ぶっ飛んでいる個性的なキャラクターたち

 ブルーロックでの日々の中で最も化けるのが、主人公の潔。最初こそエゴの欠片もなく、味方にパスしてしまうような性格だったのが、闘争心に火が付くと「うるせぇよ天才」「ぬるいんだよ」「俺たちの邪魔すんなっつってんだよ ヘタクソ」と暴言を吐きまくり、21巻では「お前だけは100%殺す」と鬼気迫る表情で言い放つ。

 主人公が完全に狂気に染まった姿がここまで多く描かれるスポーツ漫画も珍しく、この辺りも“イカれた”要素のひとつだ。

 そこに付随するのが、サッカーというチームスポーツの新たな解釈だ。先ほどのエゴの話にも通じるが、『ブルーロック』では時として味方同士でボールを奪い合ったり、自分のゴールのために味方をおとりに使ったりするなど、「自分以外は皆ライバル」という意識のもとにバトルが展開。

 そもそもブルーロック内での試合は基本的には急造チームで行われ、攻撃の練度を上げたり仲間同士の絆を育んだりする物語とは一線を画す。あくまで、自分の勝利のために他者と組むという思考なのだ。だからこそ、全員がギラついておりキャラも濃くなる。

 潔の狂いっぷりも強烈だが、他のキャラクターも負けず劣らずぶっ飛んでいる。ブルーロック内トップランカーの糸師凛は普段は超クールキャラだが、覚醒する(劇中では「FLOW状態」と呼ぶ)と口が開きベロが出っぱなしのヤバい形相になり、「ぐちゃぐちゃにしてやる」と言い出す。こうした振りきれた表現の数々が熱量を高め、極限状態における進化をビビッドに演出している。

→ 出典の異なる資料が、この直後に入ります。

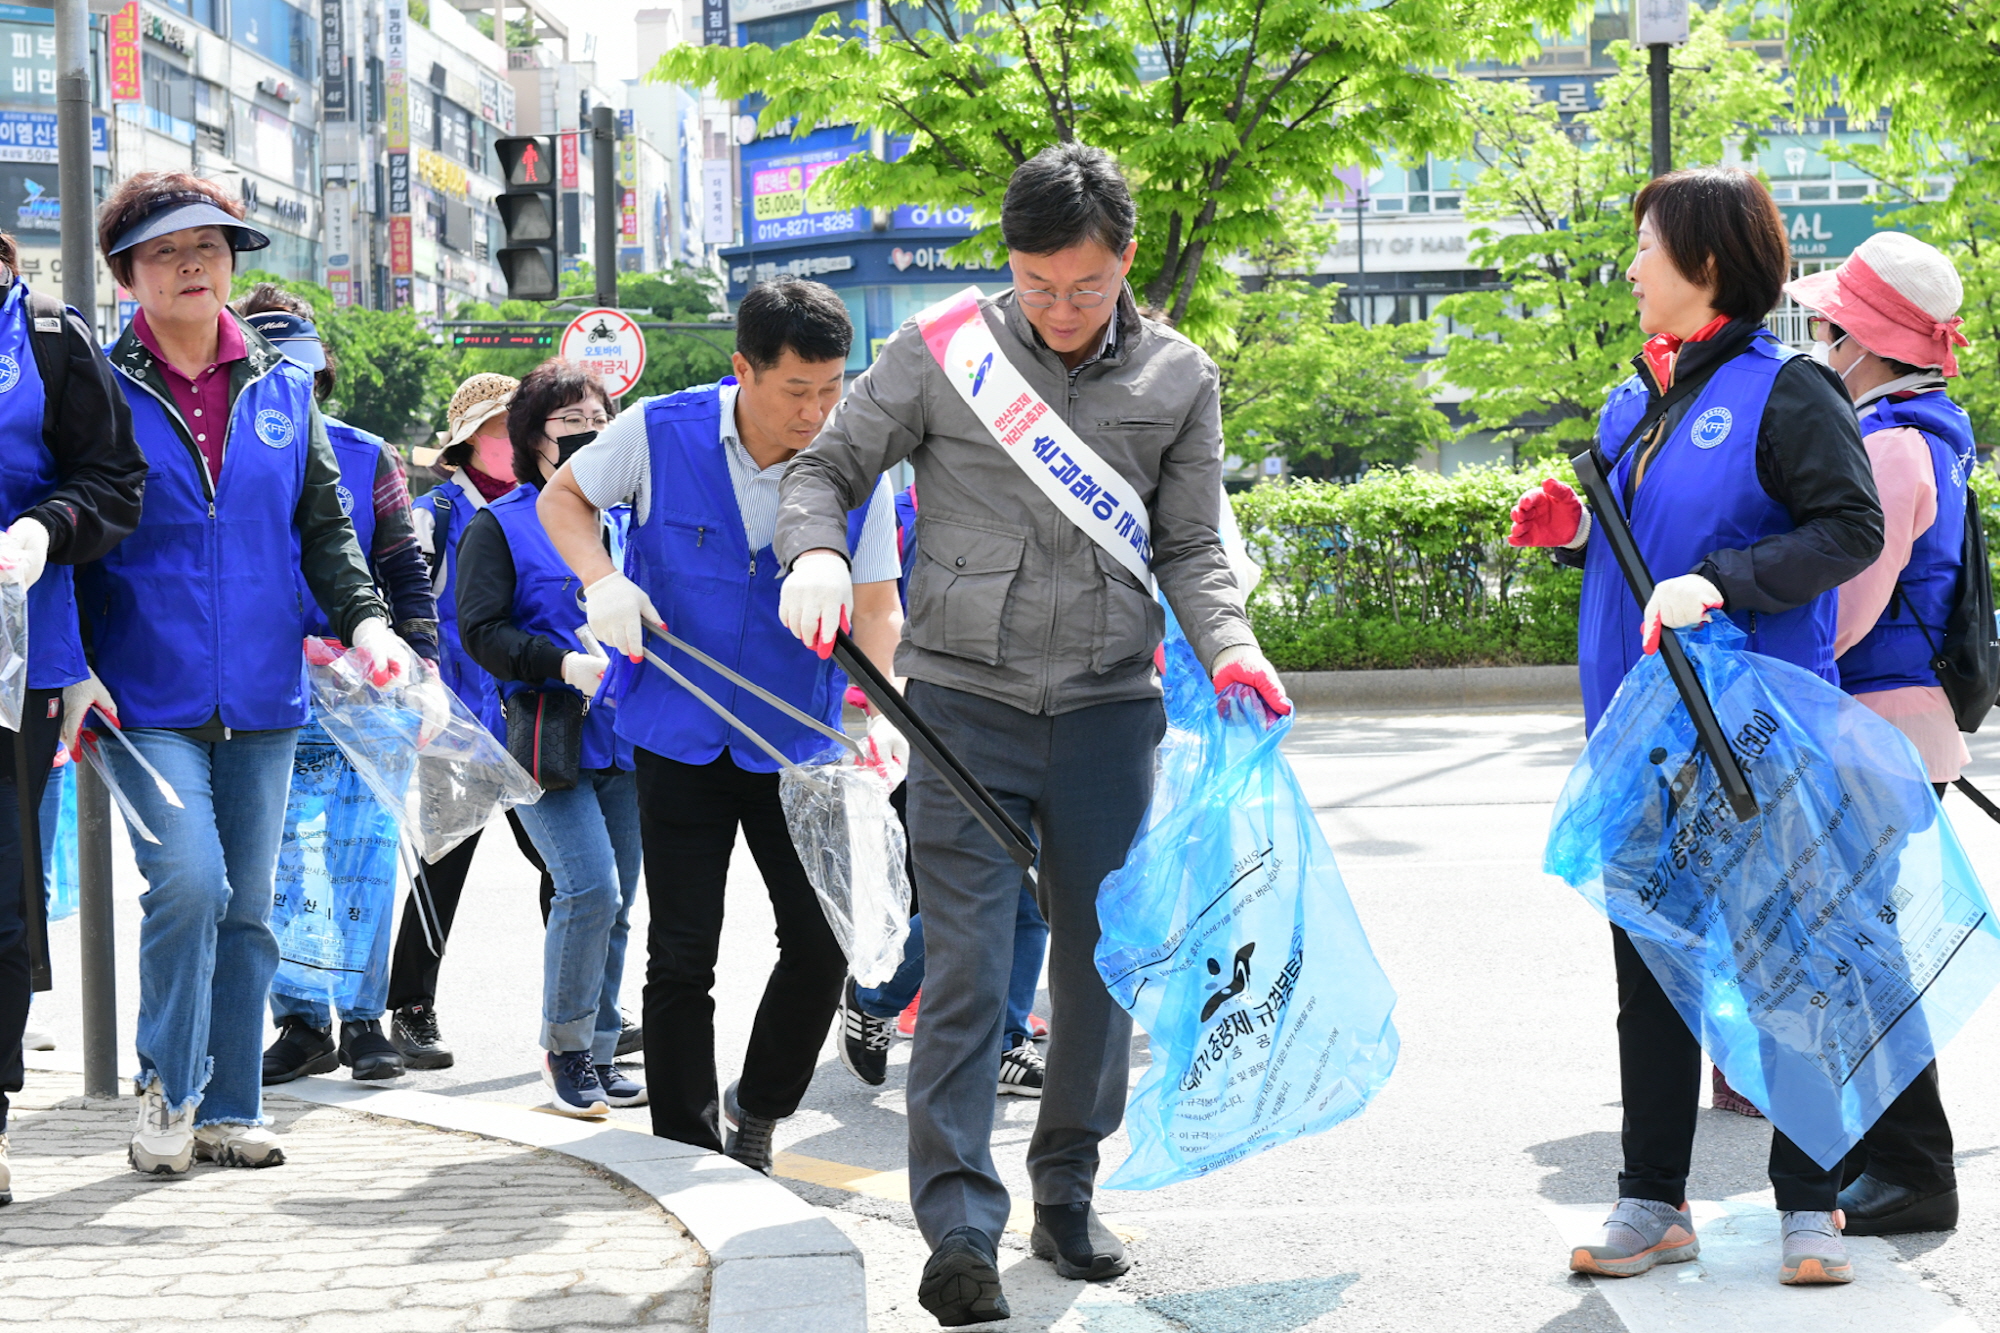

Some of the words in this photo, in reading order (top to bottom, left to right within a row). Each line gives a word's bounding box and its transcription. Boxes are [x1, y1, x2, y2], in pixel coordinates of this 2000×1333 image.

[327, 91, 342, 102] 4F
[758, 213, 854, 240] 010-8271-8295
[584, 345, 622, 356] 오토바이
[994, 392, 1032, 432] 안산국제
[1001, 402, 1048, 446] 거리극축제
[264, 422, 286, 435] KFF
[1700, 421, 1725, 434] KFF
[1032, 435, 1120, 521] 손님맞이
[274, 893, 288, 908] 안
[303, 898, 317, 914] 산
[348, 906, 361, 922] 장
[1853, 933, 1872, 951] 시
[1877, 905, 1897, 925] 장
[1210, 1010, 1253, 1060] 종량제

 ただ、こうした異常性が映えるのは、前述したとおり読者がノレるような緻密な構成になっているから。日本サッカーの弱点を事細かに説明する物語の前提部分もそうであるし、各キャラクターが段階を踏んで強くなっていくストーリーも練られている。それを促すのが、ミッションの数々だ。

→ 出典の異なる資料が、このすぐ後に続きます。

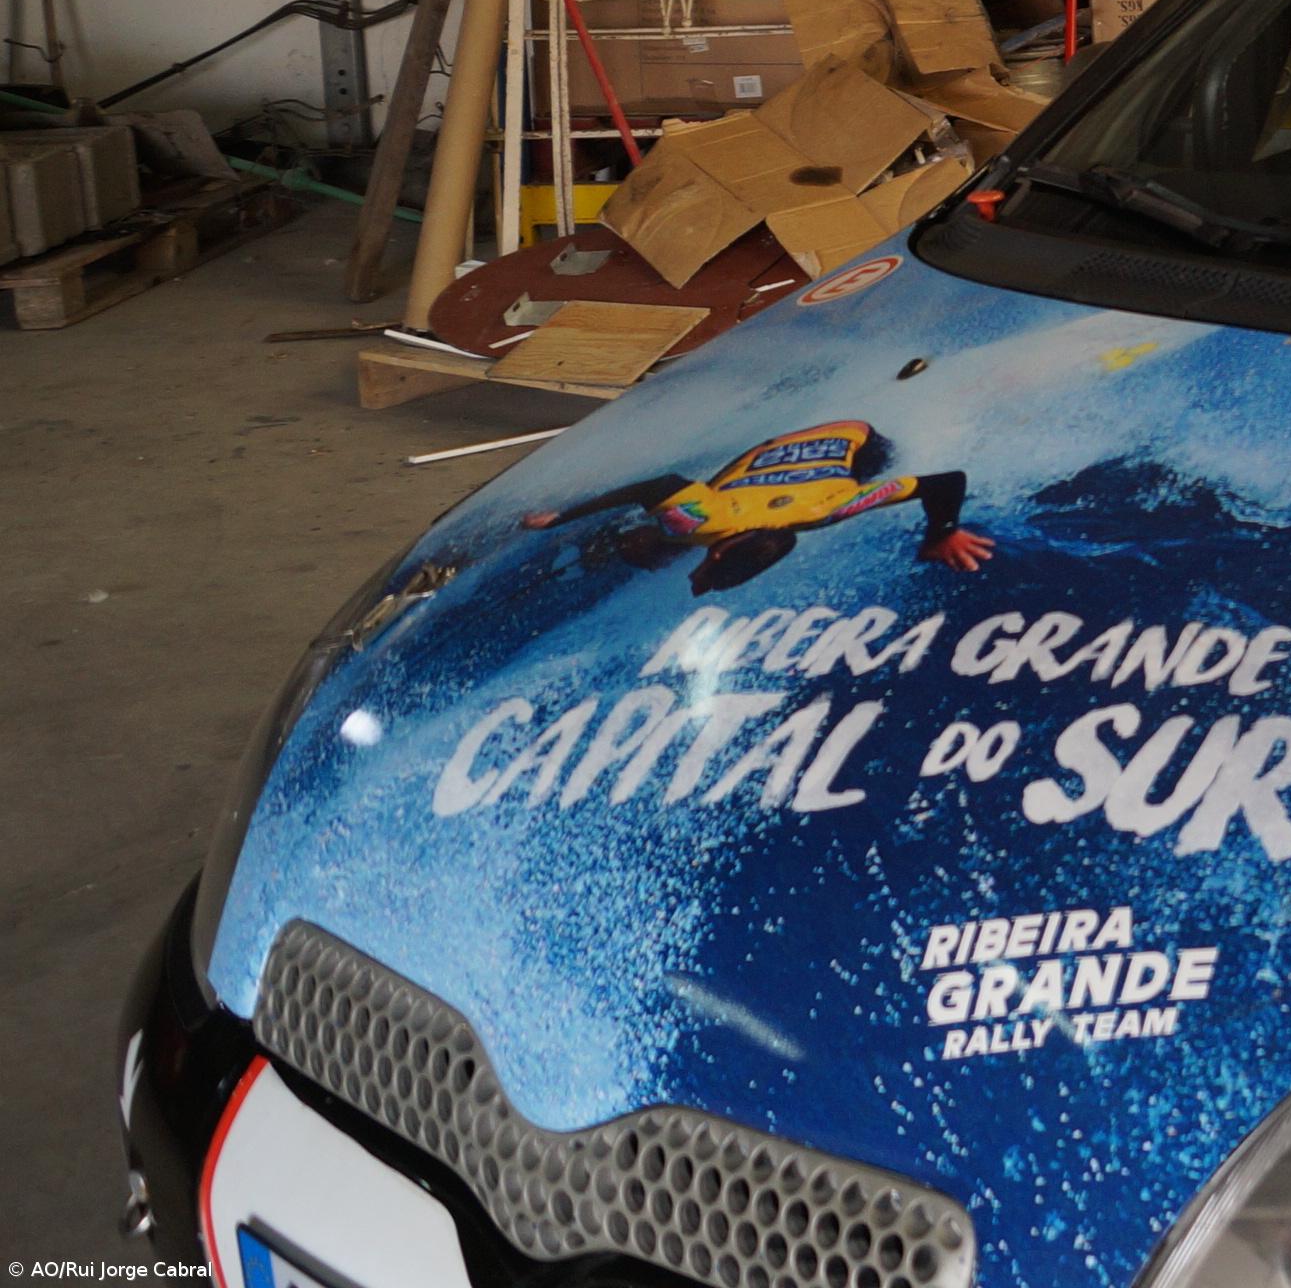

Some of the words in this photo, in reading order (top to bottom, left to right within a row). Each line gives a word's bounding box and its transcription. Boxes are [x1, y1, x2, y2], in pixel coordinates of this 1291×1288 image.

 絵心は潔たち“才能の原石共”に、ストライカーに必要な意識改革を施し、自分以外の相手にボールをぶつければ鬼がスライドする「鬼ごっこ」形式のゲームや、試合に勝ったら相手チームから一人引き抜ける「花いちもんめ」形式のゲーム等、アイデア性にあふれた試練を与えていく。『カイジ』然り『イカゲーム』然りのサバイバルゲーム=“ステージもの”の面白さも内包しているため、サスペンスとしても見ごたえが保証されている。

 能力の開花や技の会得といった進化は、スポーツ漫画やバトル漫画の王道だ。潔は突出した武器のないプレイヤーだったが、絵心の「世界一のストライカーに必要なのは成功(ゴール)の“再現性”だ」という言葉を受け、己のゴールの方程式を見つけようともがく。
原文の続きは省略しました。